ASSIGNMENT:
The output must match the entries below exactly.

··· EXTRACTED MATERIAL

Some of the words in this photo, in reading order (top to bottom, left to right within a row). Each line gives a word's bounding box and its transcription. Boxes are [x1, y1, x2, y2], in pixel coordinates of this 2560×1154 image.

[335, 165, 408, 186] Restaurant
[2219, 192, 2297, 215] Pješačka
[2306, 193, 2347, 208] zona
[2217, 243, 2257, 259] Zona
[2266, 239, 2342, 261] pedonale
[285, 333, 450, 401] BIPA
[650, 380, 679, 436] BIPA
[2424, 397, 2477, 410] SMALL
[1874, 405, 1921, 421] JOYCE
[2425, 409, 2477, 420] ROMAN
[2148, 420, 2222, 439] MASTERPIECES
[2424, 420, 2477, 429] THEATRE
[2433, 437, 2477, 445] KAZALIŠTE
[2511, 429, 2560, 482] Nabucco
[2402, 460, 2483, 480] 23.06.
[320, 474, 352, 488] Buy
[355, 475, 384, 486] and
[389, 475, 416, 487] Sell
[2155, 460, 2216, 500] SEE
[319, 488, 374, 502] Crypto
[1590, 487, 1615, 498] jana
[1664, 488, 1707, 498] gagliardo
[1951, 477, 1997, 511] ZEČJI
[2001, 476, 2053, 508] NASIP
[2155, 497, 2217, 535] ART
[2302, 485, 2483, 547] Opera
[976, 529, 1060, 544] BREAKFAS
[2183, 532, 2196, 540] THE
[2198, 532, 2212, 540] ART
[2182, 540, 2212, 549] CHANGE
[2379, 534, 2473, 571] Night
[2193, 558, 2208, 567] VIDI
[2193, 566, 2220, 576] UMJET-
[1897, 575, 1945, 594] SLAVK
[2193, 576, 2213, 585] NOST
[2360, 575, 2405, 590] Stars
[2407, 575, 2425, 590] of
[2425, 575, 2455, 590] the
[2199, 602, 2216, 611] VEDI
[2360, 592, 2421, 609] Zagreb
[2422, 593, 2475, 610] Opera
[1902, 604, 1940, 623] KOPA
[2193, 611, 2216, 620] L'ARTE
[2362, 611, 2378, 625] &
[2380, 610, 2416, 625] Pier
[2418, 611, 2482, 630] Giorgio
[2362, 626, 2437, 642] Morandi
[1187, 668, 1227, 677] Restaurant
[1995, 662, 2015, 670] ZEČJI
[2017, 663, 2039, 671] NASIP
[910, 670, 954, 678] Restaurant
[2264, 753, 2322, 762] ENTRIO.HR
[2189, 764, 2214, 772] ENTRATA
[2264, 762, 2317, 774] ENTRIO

······

OUTPUT FOR THIS TASK:
Some of the words in this photo, in reading order (top to bottom, left to right within a row). Each line gives a word's bounding box and its transcription. Boxes are [x1, y1, x2, y2], in pixel coordinates of this 2560×1154 image.

[335, 165, 408, 186] Restaurant
[2219, 192, 2297, 215] Pješačka
[2306, 193, 2347, 208] zona
[2217, 243, 2257, 259] Zona
[2266, 239, 2342, 261] pedonale
[285, 333, 450, 401] BIPA
[650, 380, 679, 436] BIPA
[2424, 397, 2477, 410] SMALL
[1874, 405, 1921, 421] JOYCE
[2425, 409, 2477, 420] ROMAN
[2148, 420, 2222, 439] MASTERPIECES
[2424, 420, 2477, 429] THEATRE
[2433, 437, 2477, 445] KAZALIŠTE
[2511, 429, 2560, 482] Nabucco
[2402, 460, 2483, 480] 23.06.
[320, 474, 352, 488] Buy
[355, 475, 384, 486] and
[389, 475, 416, 487] Sell
[2155, 460, 2216, 500] SEE
[319, 488, 374, 502] Crypto
[1590, 487, 1615, 498] jana
[1664, 488, 1707, 498] gagliardo
[1951, 477, 1997, 511] ZEČJI
[2001, 476, 2053, 508] NASIP
[2155, 497, 2217, 535] ART
[2302, 485, 2483, 547] Opera
[976, 529, 1060, 544] BREAKFAS
[2183, 532, 2196, 540] THE
[2198, 532, 2212, 540] ART
[2182, 540, 2212, 549] CHANGE
[2379, 534, 2473, 571] Night
[2193, 558, 2208, 567] VIDI
[2193, 566, 2220, 576] UMJET-
[1897, 575, 1945, 594] SLAVK
[2193, 576, 2213, 585] NOST
[2360, 575, 2405, 590] Stars
[2407, 575, 2425, 590] of
[2425, 575, 2455, 590] the
[2199, 602, 2216, 611] VEDI
[2360, 592, 2421, 609] Zagreb
[2422, 593, 2475, 610] Opera
[1902, 604, 1940, 623] KOPA
[2193, 611, 2216, 620] L'ARTE
[2362, 611, 2378, 625] &
[2380, 610, 2416, 625] Pier
[2418, 611, 2482, 630] Giorgio
[2362, 626, 2437, 642] Morandi
[1187, 668, 1227, 677] Restaurant
[1995, 662, 2015, 670] ZEČJI
[2017, 663, 2039, 671] NASIP
[910, 670, 954, 678] Restaurant
[2264, 753, 2322, 762] ENTRIO.HR
[2189, 764, 2214, 772] ENTRATA
[2264, 762, 2317, 774] ENTRIO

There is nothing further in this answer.